May 24, 2008
By Robert Alt
Last week's decision by the California Supreme Court,
discovering a right to same-sex marriage in the state constitution,
was greeted with glee by homosexual-rights advocates across the
state and across the country. But such jubilation is misplaced,
because the decision will likely result in a significant and
lasting defeat for same-sex marriage advocates, both in California
and beyond. By removing the issue from the political branches and
constitutionalizing the policy question, the court's decision makes
compromise less likely and leaves a state constitutional amendment
as the only possible response - one in which same-sex marriage
advocates are not likely to prevail.
The California case did not present the question of whether
same-sex couples were entitled to any legal recognition of their
relationships. That question had already been settled by the
legislators, who established a domestic partnership law which
provided same-sex couples with virtually all the rights and
privileges of marriage, including the ability to make medical
decisions, file joint state tax returns, and change surnames. The
question before the court was therefore more modest: Does
restriction of the title "marriage" to opposite sex couples violate
the state constitution?
To this modest question came an answer of judicial immodesty.

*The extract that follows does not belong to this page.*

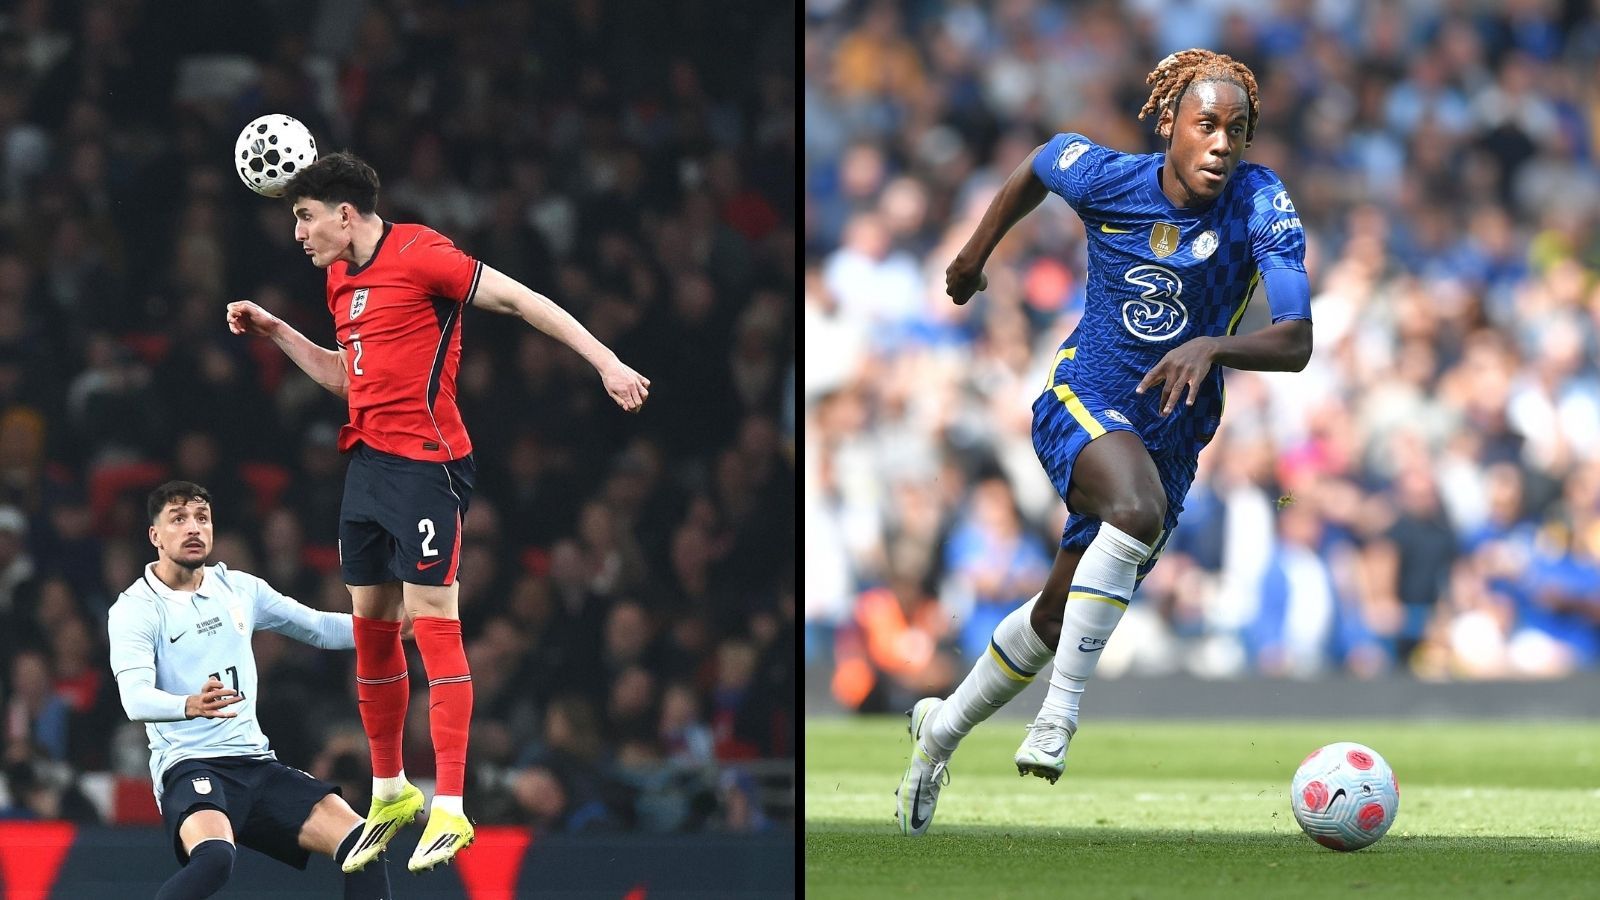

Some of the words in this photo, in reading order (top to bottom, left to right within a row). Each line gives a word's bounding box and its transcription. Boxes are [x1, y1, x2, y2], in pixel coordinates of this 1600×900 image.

[1156, 243, 1169, 251] FIFA
[351, 335, 364, 376] 2
[417, 518, 439, 557] 2

Indeed, as works of judicial activism go, the California Supreme
Court's decision is the Mona Lisa. The 100-plus page opinion
begins, ironically enough, by stating "our task in this proceeding
is not to decide whether we believe, as a matter of policy, that
the officially recognized relationship of a same-sex couple should
be designated a marriage rather than a domestic partnership, but to
determine whether the difference in the official names of the
relationships violates the California Constitution." Of course, a
judge writes this kind of a sentence only as a prologue to penning
a policy judgment. And the decision does not disappoint.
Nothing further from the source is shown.